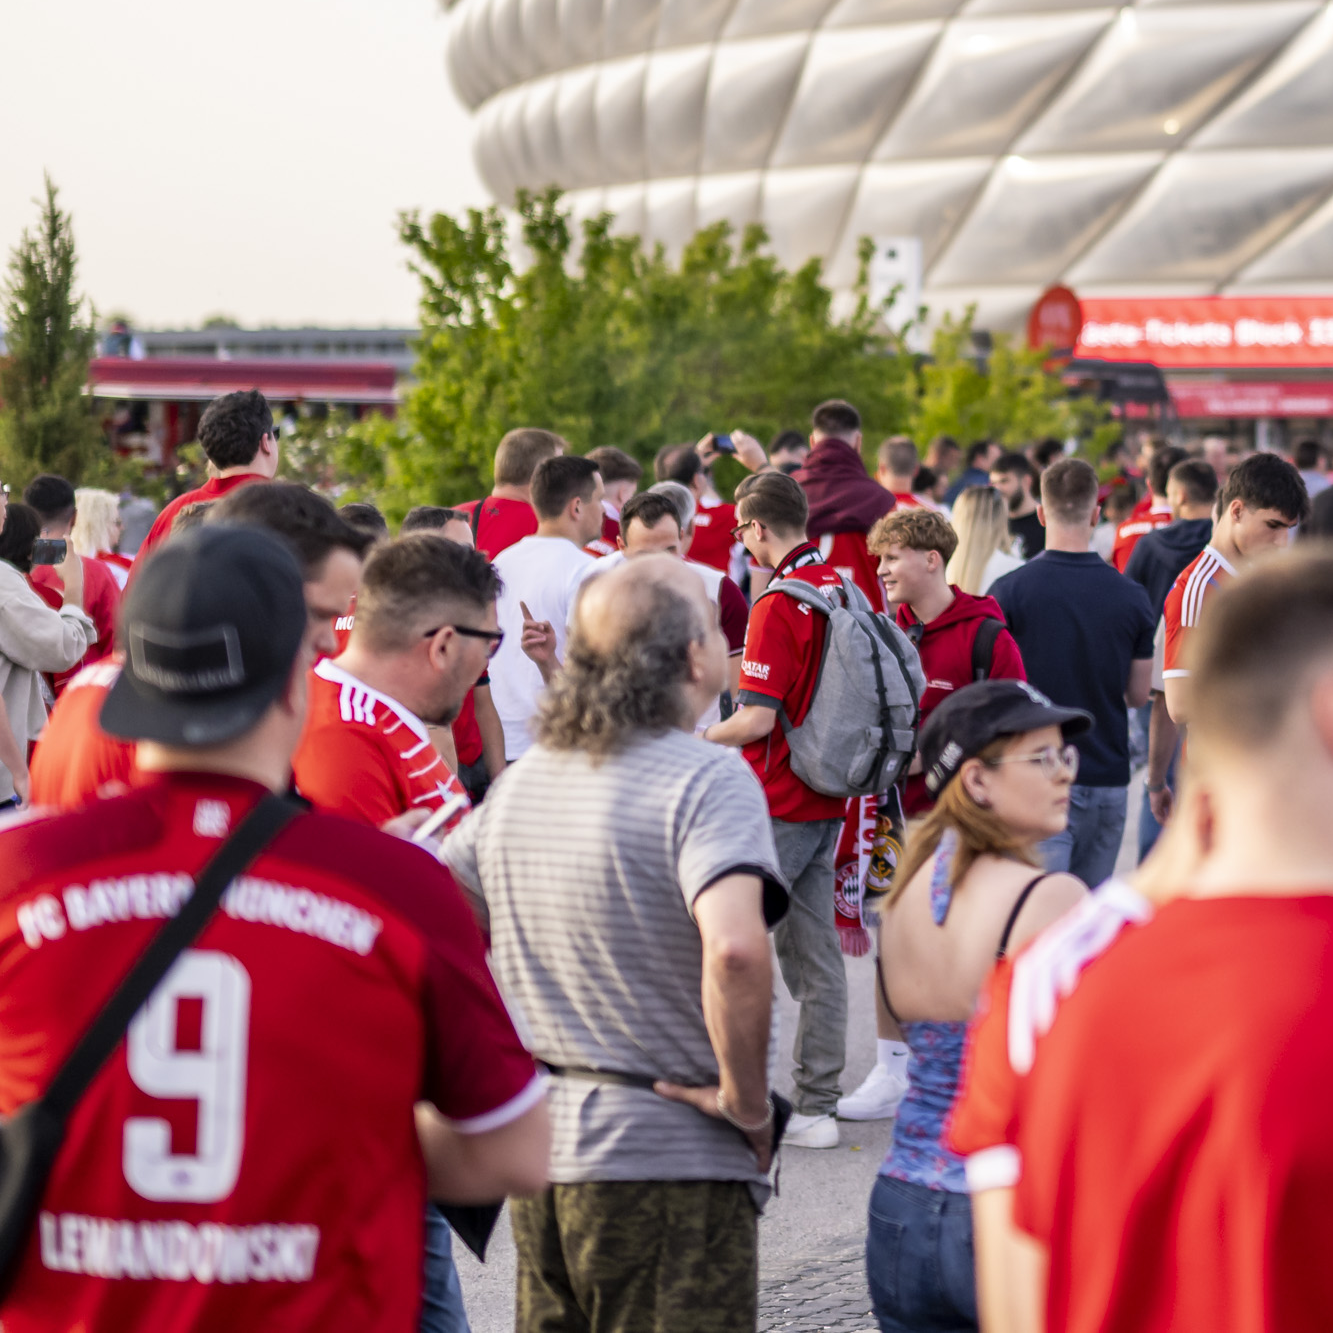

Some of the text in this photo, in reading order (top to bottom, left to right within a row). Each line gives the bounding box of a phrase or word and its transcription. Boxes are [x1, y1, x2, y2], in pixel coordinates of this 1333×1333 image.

[1234, 317, 1303, 347] Block
[335, 616, 355, 631] MO
[741, 661, 770, 675] QATAR
[17, 894, 67, 950] FC
[122, 949, 252, 1203] 9
[39, 1211, 320, 1285] LEWANDOWSKI
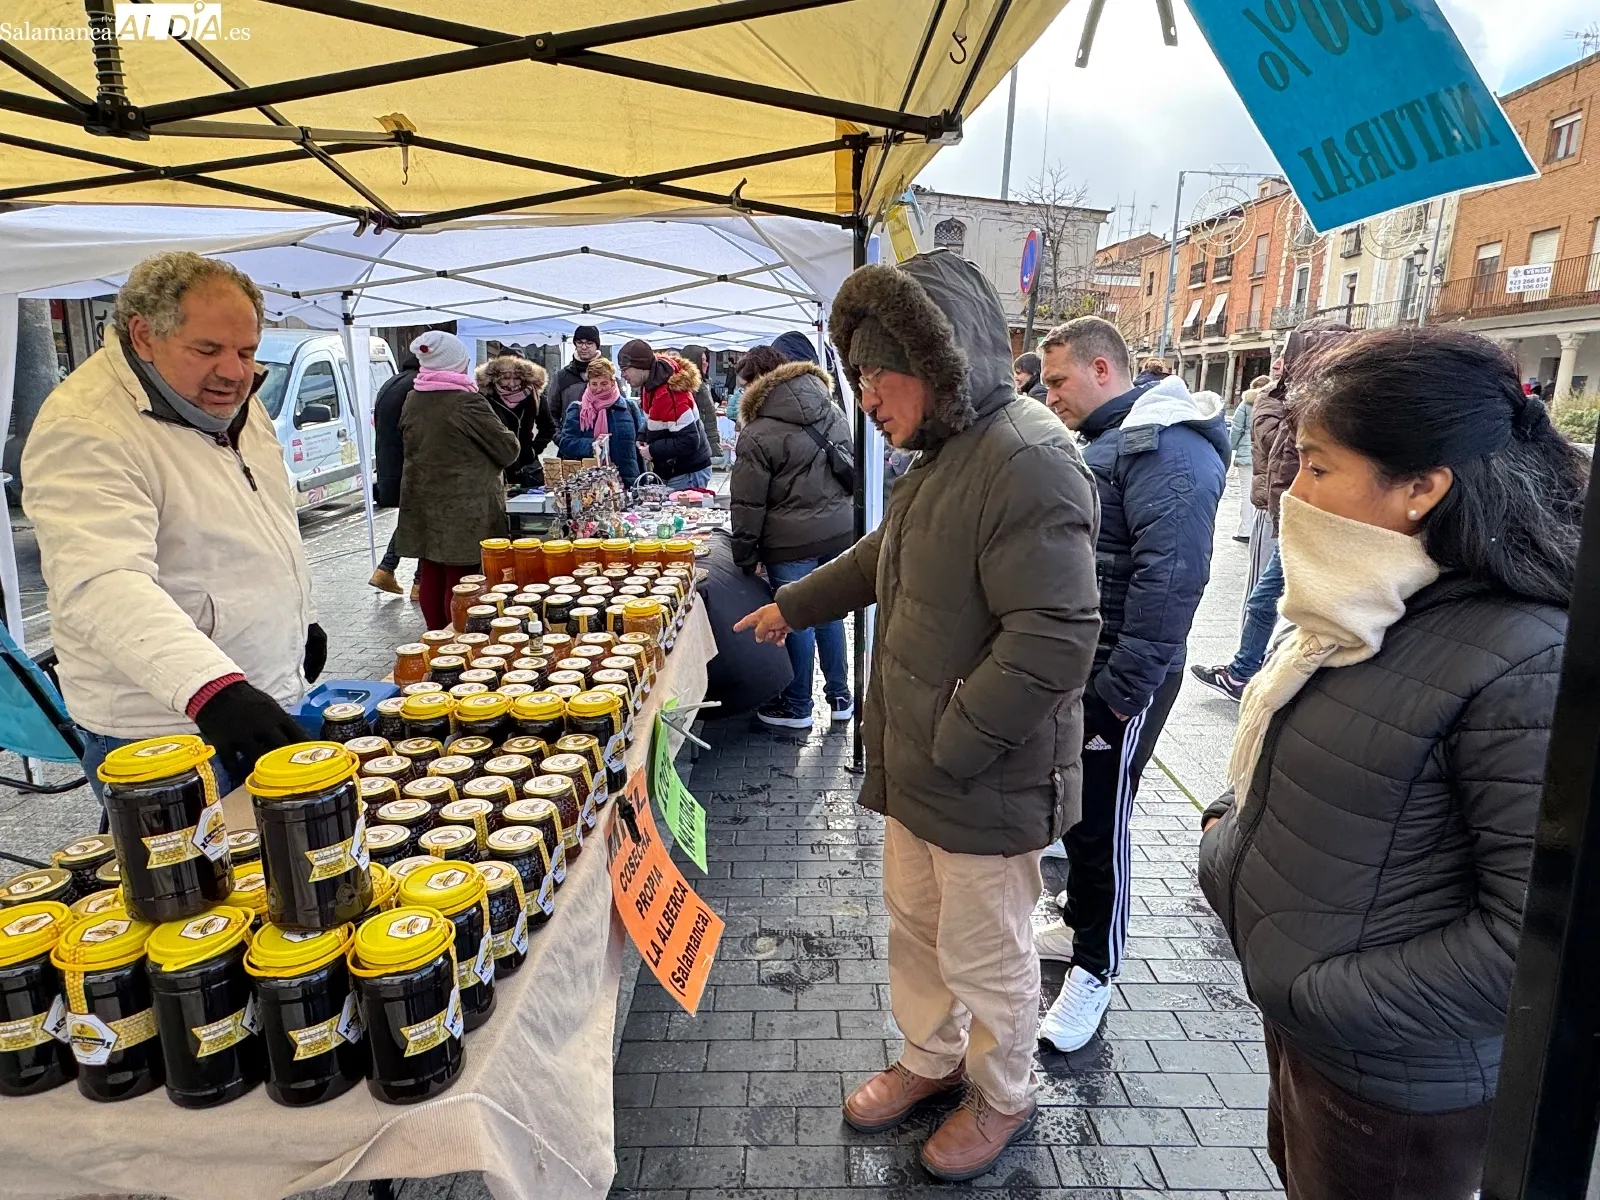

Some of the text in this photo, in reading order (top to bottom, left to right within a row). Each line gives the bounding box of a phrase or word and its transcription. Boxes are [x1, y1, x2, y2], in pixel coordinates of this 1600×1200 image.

[607, 785, 647, 868] MIL
[619, 826, 652, 893] COSECHA
[677, 787, 697, 858] NATURAL
[635, 864, 664, 920] PROPIA
[645, 879, 689, 969] LA ALBERCA
[668, 905, 713, 997] (Salamanca)

▸ What you will do
Line by line, transcribe the records exactly, omitting the images.

▸ Result below
Some of the text in this photo, in reading order (top to bottom, left to right within a row). Each line gives the bounding box of a phrase or word and its transcription. Boxes are [x1, y1, x2, y2], in pixel coordinates of this 1333×1333 image.

[1234, 317, 1303, 347] Block
[335, 616, 355, 631] MO
[741, 661, 770, 675] QATAR
[17, 894, 67, 950] FC
[122, 949, 252, 1203] 9
[39, 1211, 320, 1285] LEWANDOWSKI

Some of the text in this photo, in reading order (top to bottom, left to right within a row). Each line gives the bounding box of a phrase or word and its transcription. Boxes are [x1, y1, x2, y2], in pixel coordinates of this 1600×1200 image.

[607, 785, 647, 868] MIL
[619, 826, 652, 893] COSECHA
[677, 787, 697, 858] NATURAL
[635, 864, 664, 920] PROPIA
[645, 879, 689, 969] LA ALBERCA
[668, 905, 713, 997] (Salamanca)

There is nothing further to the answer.